● WHAT YOU NEED TO DO
Collect every line of the records below that contains the word "Владимир".

.....

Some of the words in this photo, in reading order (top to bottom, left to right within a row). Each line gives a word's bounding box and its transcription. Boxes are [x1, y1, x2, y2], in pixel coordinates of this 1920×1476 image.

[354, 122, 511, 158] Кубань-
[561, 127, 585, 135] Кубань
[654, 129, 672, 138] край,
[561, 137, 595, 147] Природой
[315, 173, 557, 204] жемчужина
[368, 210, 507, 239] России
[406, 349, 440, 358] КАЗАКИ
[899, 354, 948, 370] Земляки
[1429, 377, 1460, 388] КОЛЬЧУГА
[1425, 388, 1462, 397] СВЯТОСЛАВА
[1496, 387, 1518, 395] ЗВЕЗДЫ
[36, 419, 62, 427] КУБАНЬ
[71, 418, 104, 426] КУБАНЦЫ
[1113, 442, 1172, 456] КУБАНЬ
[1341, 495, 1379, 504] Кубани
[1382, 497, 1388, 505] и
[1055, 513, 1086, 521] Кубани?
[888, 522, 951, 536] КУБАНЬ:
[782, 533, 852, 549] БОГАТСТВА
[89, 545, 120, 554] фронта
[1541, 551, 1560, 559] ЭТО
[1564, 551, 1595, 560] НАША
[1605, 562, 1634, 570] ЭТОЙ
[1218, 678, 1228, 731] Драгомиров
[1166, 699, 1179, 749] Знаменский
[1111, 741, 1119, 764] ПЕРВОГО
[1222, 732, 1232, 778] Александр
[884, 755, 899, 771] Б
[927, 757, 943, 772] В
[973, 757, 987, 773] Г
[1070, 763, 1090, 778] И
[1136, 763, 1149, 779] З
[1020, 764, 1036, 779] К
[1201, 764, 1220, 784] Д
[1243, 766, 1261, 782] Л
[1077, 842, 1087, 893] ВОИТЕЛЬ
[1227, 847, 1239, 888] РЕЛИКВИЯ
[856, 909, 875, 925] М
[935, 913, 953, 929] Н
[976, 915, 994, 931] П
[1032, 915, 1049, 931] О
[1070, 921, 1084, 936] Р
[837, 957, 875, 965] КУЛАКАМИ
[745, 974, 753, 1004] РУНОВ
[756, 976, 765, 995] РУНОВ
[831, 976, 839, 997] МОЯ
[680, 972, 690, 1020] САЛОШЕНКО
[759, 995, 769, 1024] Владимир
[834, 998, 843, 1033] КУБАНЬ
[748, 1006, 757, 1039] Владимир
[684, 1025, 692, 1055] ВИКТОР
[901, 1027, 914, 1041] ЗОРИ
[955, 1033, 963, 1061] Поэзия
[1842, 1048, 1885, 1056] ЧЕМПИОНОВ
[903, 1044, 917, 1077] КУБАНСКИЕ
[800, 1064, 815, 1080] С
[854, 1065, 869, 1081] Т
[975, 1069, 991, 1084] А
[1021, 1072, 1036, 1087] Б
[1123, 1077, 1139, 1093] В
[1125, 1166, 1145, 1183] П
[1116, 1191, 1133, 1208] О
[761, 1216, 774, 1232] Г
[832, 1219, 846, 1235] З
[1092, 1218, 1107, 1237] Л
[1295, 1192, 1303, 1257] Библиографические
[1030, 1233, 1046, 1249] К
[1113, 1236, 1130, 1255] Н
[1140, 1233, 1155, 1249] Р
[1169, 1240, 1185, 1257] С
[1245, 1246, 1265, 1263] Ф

.....

● ANSWER SPACE
[759, 995, 769, 1024] Владимир
[748, 1006, 757, 1039] Владимир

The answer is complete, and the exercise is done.